### Exercise details
Whatever the records say, set them down exactly.

### Exercise data
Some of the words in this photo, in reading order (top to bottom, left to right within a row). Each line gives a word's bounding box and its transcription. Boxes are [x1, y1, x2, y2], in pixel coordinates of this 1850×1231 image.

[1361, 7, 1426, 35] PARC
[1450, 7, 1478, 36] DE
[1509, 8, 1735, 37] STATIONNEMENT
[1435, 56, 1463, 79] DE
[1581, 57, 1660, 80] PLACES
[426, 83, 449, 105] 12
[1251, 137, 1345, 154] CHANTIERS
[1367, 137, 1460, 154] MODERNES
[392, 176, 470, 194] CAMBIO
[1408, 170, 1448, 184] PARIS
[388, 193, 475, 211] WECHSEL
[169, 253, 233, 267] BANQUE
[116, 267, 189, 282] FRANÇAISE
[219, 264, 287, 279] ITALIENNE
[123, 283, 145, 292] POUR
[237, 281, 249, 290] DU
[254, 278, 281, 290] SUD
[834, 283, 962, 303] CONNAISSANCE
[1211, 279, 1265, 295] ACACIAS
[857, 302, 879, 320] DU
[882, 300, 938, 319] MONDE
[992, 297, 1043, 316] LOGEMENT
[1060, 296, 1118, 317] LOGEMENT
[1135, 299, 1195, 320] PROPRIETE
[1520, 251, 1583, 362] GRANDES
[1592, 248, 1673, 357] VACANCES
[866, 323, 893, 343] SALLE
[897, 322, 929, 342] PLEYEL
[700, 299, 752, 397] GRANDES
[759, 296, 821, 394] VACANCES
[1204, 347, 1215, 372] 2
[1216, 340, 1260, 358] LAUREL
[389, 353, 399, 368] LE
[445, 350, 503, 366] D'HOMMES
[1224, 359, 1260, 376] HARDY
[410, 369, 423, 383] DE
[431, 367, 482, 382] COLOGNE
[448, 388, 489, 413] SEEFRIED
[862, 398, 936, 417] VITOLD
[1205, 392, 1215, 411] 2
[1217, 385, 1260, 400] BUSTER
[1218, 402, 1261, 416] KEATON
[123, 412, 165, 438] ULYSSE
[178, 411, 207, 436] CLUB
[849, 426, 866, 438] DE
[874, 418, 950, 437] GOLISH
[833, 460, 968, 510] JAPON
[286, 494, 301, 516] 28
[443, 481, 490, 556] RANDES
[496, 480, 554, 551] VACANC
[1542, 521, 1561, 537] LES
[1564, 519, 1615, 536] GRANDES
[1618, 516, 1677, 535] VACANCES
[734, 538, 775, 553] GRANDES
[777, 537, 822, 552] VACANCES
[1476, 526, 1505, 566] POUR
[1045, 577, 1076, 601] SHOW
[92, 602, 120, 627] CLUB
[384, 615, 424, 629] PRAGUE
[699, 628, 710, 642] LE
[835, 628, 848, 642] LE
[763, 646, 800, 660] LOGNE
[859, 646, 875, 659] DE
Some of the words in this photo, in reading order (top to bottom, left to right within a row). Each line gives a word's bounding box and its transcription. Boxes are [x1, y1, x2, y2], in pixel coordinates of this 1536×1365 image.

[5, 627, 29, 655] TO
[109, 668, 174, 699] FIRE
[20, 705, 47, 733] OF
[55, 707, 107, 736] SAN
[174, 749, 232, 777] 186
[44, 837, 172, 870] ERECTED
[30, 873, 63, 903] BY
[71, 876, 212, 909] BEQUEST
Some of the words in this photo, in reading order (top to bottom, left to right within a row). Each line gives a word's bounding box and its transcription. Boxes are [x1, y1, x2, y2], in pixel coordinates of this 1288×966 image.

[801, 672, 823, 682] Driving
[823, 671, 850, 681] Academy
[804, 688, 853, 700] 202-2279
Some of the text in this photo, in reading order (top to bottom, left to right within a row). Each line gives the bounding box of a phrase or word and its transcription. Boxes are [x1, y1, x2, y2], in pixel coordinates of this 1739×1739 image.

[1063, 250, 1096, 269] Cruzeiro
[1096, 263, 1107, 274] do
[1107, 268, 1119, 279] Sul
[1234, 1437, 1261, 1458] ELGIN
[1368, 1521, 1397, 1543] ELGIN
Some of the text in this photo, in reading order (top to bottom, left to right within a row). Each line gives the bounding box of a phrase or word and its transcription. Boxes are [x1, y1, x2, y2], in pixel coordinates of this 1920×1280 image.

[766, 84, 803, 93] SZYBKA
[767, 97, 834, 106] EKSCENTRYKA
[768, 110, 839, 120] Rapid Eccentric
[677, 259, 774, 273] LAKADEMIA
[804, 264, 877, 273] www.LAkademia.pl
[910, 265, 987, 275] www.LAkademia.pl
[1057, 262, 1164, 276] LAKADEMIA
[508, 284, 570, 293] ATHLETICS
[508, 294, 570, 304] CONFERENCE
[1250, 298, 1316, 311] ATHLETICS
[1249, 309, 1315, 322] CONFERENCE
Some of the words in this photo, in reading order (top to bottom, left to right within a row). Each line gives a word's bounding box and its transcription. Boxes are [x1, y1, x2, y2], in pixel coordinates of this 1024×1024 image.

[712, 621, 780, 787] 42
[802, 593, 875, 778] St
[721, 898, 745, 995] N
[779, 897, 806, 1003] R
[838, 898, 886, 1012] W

### Finished exercise
Some of the words in this photo, in reading order (top to bottom, left to right within a row). Each line gives a word's bounding box and its transcription. Boxes are [x1, y1, x2, y2], in pixel coordinates of this 1850×1231 image.

[1361, 7, 1426, 35] PARC
[1450, 7, 1478, 36] DE
[1509, 8, 1735, 37] STATIONNEMENT
[1435, 56, 1463, 79] DE
[1581, 57, 1660, 80] PLACES
[426, 83, 449, 105] 12
[1251, 137, 1345, 154] CHANTIERS
[1367, 137, 1460, 154] MODERNES
[392, 176, 470, 194] CAMBIO
[1408, 170, 1448, 184] PARIS
[388, 193, 475, 211] WECHSEL
[169, 253, 233, 267] BANQUE
[116, 267, 189, 282] FRANÇAISE
[219, 264, 287, 279] ITALIENNE
[123, 283, 145, 292] POUR
[237, 281, 249, 290] DU
[254, 278, 281, 290] SUD
[834, 283, 962, 303] CONNAISSANCE
[1211, 279, 1265, 295] ACACIAS
[857, 302, 879, 320] DU
[882, 300, 938, 319] MONDE
[992, 297, 1043, 316] LOGEMENT
[1060, 296, 1118, 317] LOGEMENT
[1135, 299, 1195, 320] PROPRIETE
[1520, 251, 1583, 362] GRANDES
[1592, 248, 1673, 357] VACANCES
[866, 323, 893, 343] SALLE
[897, 322, 929, 342] PLEYEL
[700, 299, 752, 397] GRANDES
[759, 296, 821, 394] VACANCES
[1204, 347, 1215, 372] 2
[1216, 340, 1260, 358] LAUREL
[389, 353, 399, 368] LE
[445, 350, 503, 366] D'HOMMES
[1224, 359, 1260, 376] HARDY
[410, 369, 423, 383] DE
[431, 367, 482, 382] COLOGNE
[448, 388, 489, 413] SEEFRIED
[862, 398, 936, 417] VITOLD
[1205, 392, 1215, 411] 2
[1217, 385, 1260, 400] BUSTER
[1218, 402, 1261, 416] KEATON
[123, 412, 165, 438] ULYSSE
[178, 411, 207, 436] CLUB
[849, 426, 866, 438] DE
[874, 418, 950, 437] GOLISH
[833, 460, 968, 510] JAPON
[286, 494, 301, 516] 28
[443, 481, 490, 556] RANDES
[496, 480, 554, 551] VACANC
[1542, 521, 1561, 537] LES
[1564, 519, 1615, 536] GRANDES
[1618, 516, 1677, 535] VACANCES
[734, 538, 775, 553] GRANDES
[777, 537, 822, 552] VACANCES
[1476, 526, 1505, 566] POUR
[1045, 577, 1076, 601] SHOW
[92, 602, 120, 627] CLUB
[384, 615, 424, 629] PRAGUE
[699, 628, 710, 642] LE
[835, 628, 848, 642] LE
[763, 646, 800, 660] LOGNE
[859, 646, 875, 659] DE
Some of the words in this photo, in reading order (top to bottom, left to right within a row). Each line gives a word's bounding box and its transcription. Boxes are [x1, y1, x2, y2], in pixel coordinates of this 1536×1365 image.

[5, 627, 29, 655] TO
[109, 668, 174, 699] FIRE
[20, 705, 47, 733] OF
[55, 707, 107, 736] SAN
[174, 749, 232, 777] 186
[44, 837, 172, 870] ERECTED
[30, 873, 63, 903] BY
[71, 876, 212, 909] BEQUEST
Some of the words in this photo, in reading order (top to bottom, left to right within a row). Each line gives a word's bounding box and its transcription. Boxes are [x1, y1, x2, y2], in pixel coordinates of this 1288×966 image.

[801, 672, 823, 682] Driving
[823, 671, 850, 681] Academy
[804, 688, 853, 700] 202-2279
Some of the text in this photo, in reading order (top to bottom, left to right within a row). Each line gives the bounding box of a phrase or word and its transcription. Boxes are [x1, y1, x2, y2], in pixel coordinates of this 1739×1739 image.

[1063, 250, 1096, 269] Cruzeiro
[1096, 263, 1107, 274] do
[1107, 268, 1119, 279] Sul
[1234, 1437, 1261, 1458] ELGIN
[1368, 1521, 1397, 1543] ELGIN
Some of the text in this photo, in reading order (top to bottom, left to right within a row). Each line gives the bounding box of a phrase or word and its transcription. Boxes are [x1, y1, x2, y2], in pixel coordinates of this 1920×1280 image.

[766, 84, 803, 93] SZYBKA
[767, 97, 834, 106] EKSCENTRYKA
[768, 110, 839, 120] Rapid Eccentric
[677, 259, 774, 273] LAKADEMIA
[804, 264, 877, 273] www.LAkademia.pl
[910, 265, 987, 275] www.LAkademia.pl
[1057, 262, 1164, 276] LAKADEMIA
[508, 284, 570, 293] ATHLETICS
[508, 294, 570, 304] CONFERENCE
[1250, 298, 1316, 311] ATHLETICS
[1249, 309, 1315, 322] CONFERENCE
Some of the words in this photo, in reading order (top to bottom, left to right within a row). Each line gives a word's bounding box and its transcription. Boxes are [x1, y1, x2, y2], in pixel coordinates of this 1024×1024 image.

[712, 621, 780, 787] 42
[802, 593, 875, 778] St
[721, 898, 745, 995] N
[779, 897, 806, 1003] R
[838, 898, 886, 1012] W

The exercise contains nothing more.